神楽坂で『気まぐれ本格派』(1977~1978年、ユニオン映画、日本テレビ)の山口いづみと、鬼子母神で『水もれ甲介』(1974~1975年、ユニオン映画、日本テレビ)の原田大二郎。





これだけで、石立鉄男ドラマファンなら「買い」ですね。

撮影時の北海道ロケのスナップ写真も出ています。石立鉄男と山口いづみと吉田友紀です。

同作の北海道ロケというと、ファンの私としては、根上淳と吉田友紀のキャッチボールのシーンがすぐに思い出されて、胸がいっぱいになります。

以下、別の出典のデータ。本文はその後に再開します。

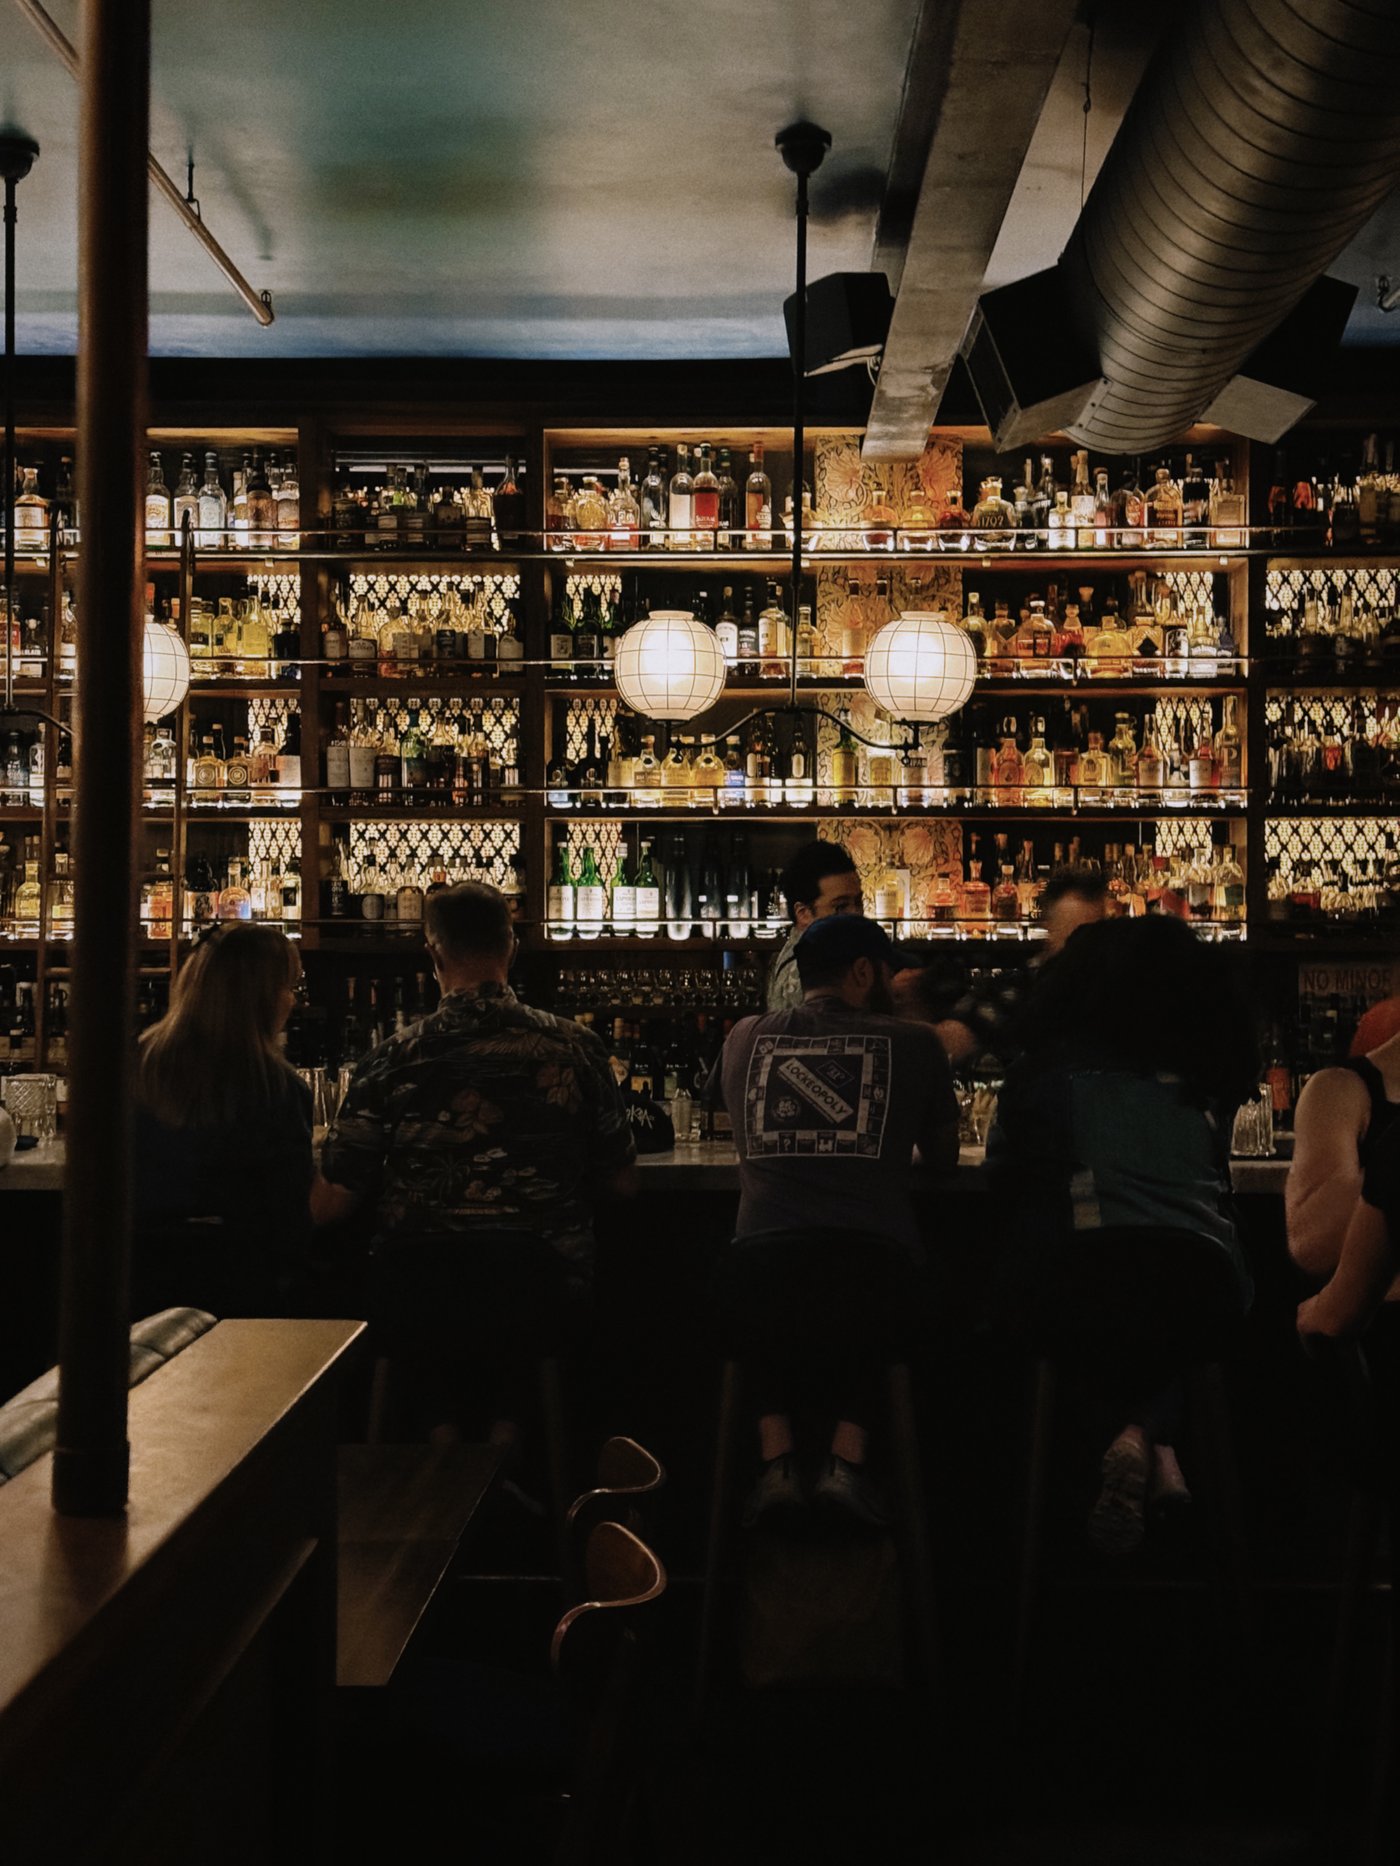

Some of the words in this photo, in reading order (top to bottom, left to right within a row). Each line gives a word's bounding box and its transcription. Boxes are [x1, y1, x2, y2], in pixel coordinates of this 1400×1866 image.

[1304, 969, 1329, 991] NO
[1335, 968, 1391, 991] MINOR
[785, 1063, 846, 1114] LOCKEOPOLY

『気まぐれ本格派』については、「『気まぐれ本格派』を三ツ矢歌子さんの命日に思い出す」「中条静夫の俳優人生を変えた『あなただけ今晩は』」などで書きました。




いずれも『気まぐれ本格派』より

原田大二郎の談話も興味深い。

文学座の2年先輩である石立鉄男に、当初ライバル意識を持っていた原田大二郎だったが、共演してみると「鉄ちゃんの人間のデカさに圧倒されて、気がついたら境内で一緒に話をすることを心待ちにする自分がいました」と、“降参”したことを告白しています。

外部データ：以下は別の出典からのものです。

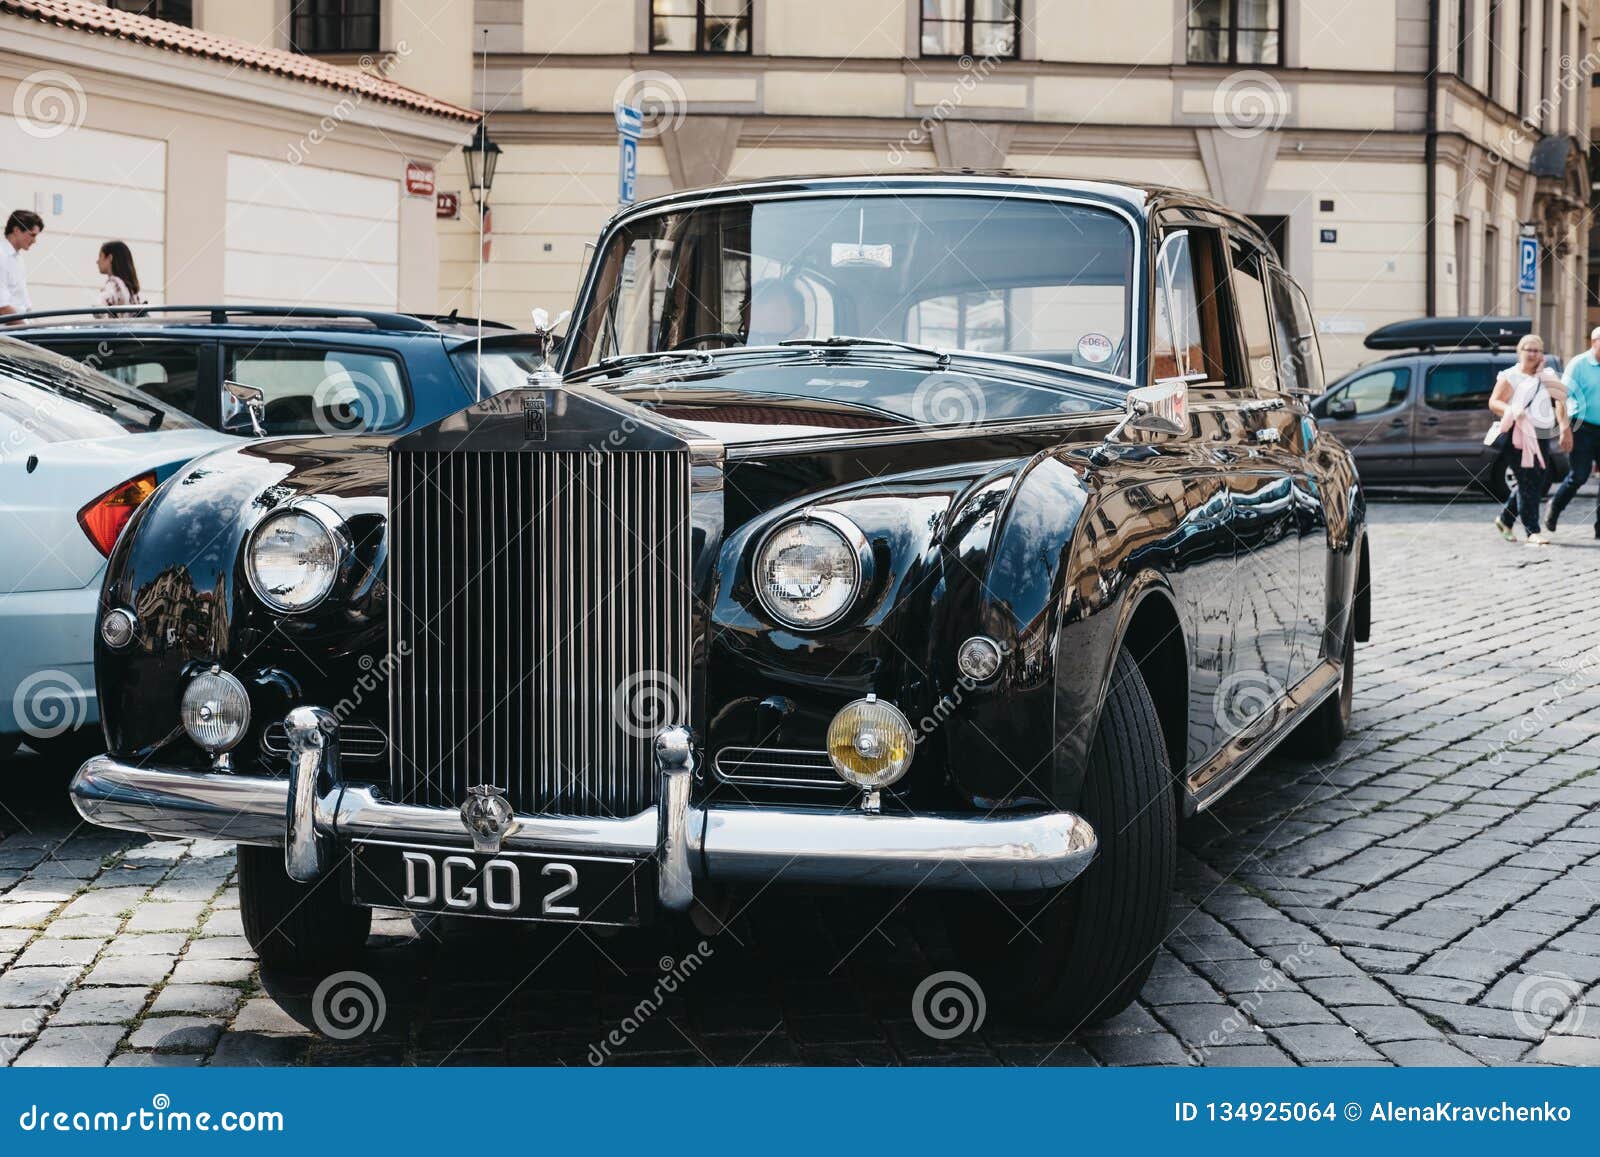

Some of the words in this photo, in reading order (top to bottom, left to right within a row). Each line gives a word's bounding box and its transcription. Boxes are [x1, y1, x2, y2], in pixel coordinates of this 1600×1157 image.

ドラマの中の甲介と輝夫の関係に重なるものがあります。

そして、正直で潔い原田大二郎の人柄があらわれている話だと思いました。

『俺たちの旅』(1975~1976年、ユニオン映画、日本テレビ)『ゆうひが丘の総理大臣』(1978~1979年、ユニオン映画、日本テレビ)『サインはV』(1969~1970年、東宝、TBS)など後半のページも当時の名作が登場しますが、ネタバレになるのでこのへんにしておきましょう。

現在のロケ地情報もさることながら、出演者が当時を振り返って初めて語るエピソードもふんだんに盛り込まれているのがこの企画のミソだと思います。